Segment Start: Data extracts

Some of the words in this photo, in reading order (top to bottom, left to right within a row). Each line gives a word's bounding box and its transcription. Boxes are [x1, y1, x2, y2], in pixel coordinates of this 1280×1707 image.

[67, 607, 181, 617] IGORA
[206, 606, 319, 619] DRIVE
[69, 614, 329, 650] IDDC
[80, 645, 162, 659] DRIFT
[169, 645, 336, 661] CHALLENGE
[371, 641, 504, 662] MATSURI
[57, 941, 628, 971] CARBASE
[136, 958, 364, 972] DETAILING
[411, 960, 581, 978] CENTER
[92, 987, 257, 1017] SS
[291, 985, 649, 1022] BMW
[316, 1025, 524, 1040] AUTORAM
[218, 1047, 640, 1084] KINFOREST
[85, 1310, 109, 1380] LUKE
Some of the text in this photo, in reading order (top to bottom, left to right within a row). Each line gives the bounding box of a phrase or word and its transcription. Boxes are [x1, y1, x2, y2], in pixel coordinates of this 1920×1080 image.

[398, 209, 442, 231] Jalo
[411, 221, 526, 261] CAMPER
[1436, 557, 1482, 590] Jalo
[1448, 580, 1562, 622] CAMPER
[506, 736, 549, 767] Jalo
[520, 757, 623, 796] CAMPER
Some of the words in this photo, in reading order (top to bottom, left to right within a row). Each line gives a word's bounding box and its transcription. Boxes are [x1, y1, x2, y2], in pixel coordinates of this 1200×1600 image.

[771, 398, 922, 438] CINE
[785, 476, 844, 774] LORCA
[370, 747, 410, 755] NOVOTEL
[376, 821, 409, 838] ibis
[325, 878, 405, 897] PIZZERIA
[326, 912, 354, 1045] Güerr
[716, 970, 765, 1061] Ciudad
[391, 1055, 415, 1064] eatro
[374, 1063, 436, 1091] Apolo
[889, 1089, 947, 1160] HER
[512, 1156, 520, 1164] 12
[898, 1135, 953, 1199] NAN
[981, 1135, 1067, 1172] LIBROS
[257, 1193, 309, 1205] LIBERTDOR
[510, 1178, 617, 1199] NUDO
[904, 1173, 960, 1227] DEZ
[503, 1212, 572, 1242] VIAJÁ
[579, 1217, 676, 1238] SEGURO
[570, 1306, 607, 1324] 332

Segment End: Data extracts

# What is being asked:
Each record above is to be returned verbatim.

# Worked solution:
Some of the words in this photo, in reading order (top to bottom, left to right within a row). Each line gives a word's bounding box and its transcription. Boxes are [x1, y1, x2, y2], in pixel coordinates of this 1280×1707 image.

[67, 607, 181, 617] IGORA
[206, 606, 319, 619] DRIVE
[69, 614, 329, 650] IDDC
[80, 645, 162, 659] DRIFT
[169, 645, 336, 661] CHALLENGE
[371, 641, 504, 662] MATSURI
[57, 941, 628, 971] CARBASE
[136, 958, 364, 972] DETAILING
[411, 960, 581, 978] CENTER
[92, 987, 257, 1017] SS
[291, 985, 649, 1022] BMW
[316, 1025, 524, 1040] AUTORAM
[218, 1047, 640, 1084] KINFOREST
[85, 1310, 109, 1380] LUKE
Some of the text in this photo, in reading order (top to bottom, left to right within a row). Each line gives the bounding box of a phrase or word and its transcription. Boxes are [x1, y1, x2, y2], in pixel coordinates of this 1920×1080 image.

[398, 209, 442, 231] Jalo
[411, 221, 526, 261] CAMPER
[1436, 557, 1482, 590] Jalo
[1448, 580, 1562, 622] CAMPER
[506, 736, 549, 767] Jalo
[520, 757, 623, 796] CAMPER
Some of the words in this photo, in reading order (top to bottom, left to right within a row). Each line gives a word's bounding box and its transcription. Boxes are [x1, y1, x2, y2], in pixel coordinates of this 1200×1600 image.

[771, 398, 922, 438] CINE
[785, 476, 844, 774] LORCA
[370, 747, 410, 755] NOVOTEL
[376, 821, 409, 838] ibis
[325, 878, 405, 897] PIZZERIA
[326, 912, 354, 1045] Güerr
[716, 970, 765, 1061] Ciudad
[391, 1055, 415, 1064] eatro
[374, 1063, 436, 1091] Apolo
[889, 1089, 947, 1160] HER
[512, 1156, 520, 1164] 12
[898, 1135, 953, 1199] NAN
[981, 1135, 1067, 1172] LIBROS
[257, 1193, 309, 1205] LIBERTDOR
[510, 1178, 617, 1199] NUDO
[904, 1173, 960, 1227] DEZ
[503, 1212, 572, 1242] VIAJÁ
[579, 1217, 676, 1238] SEGURO
[570, 1306, 607, 1324] 332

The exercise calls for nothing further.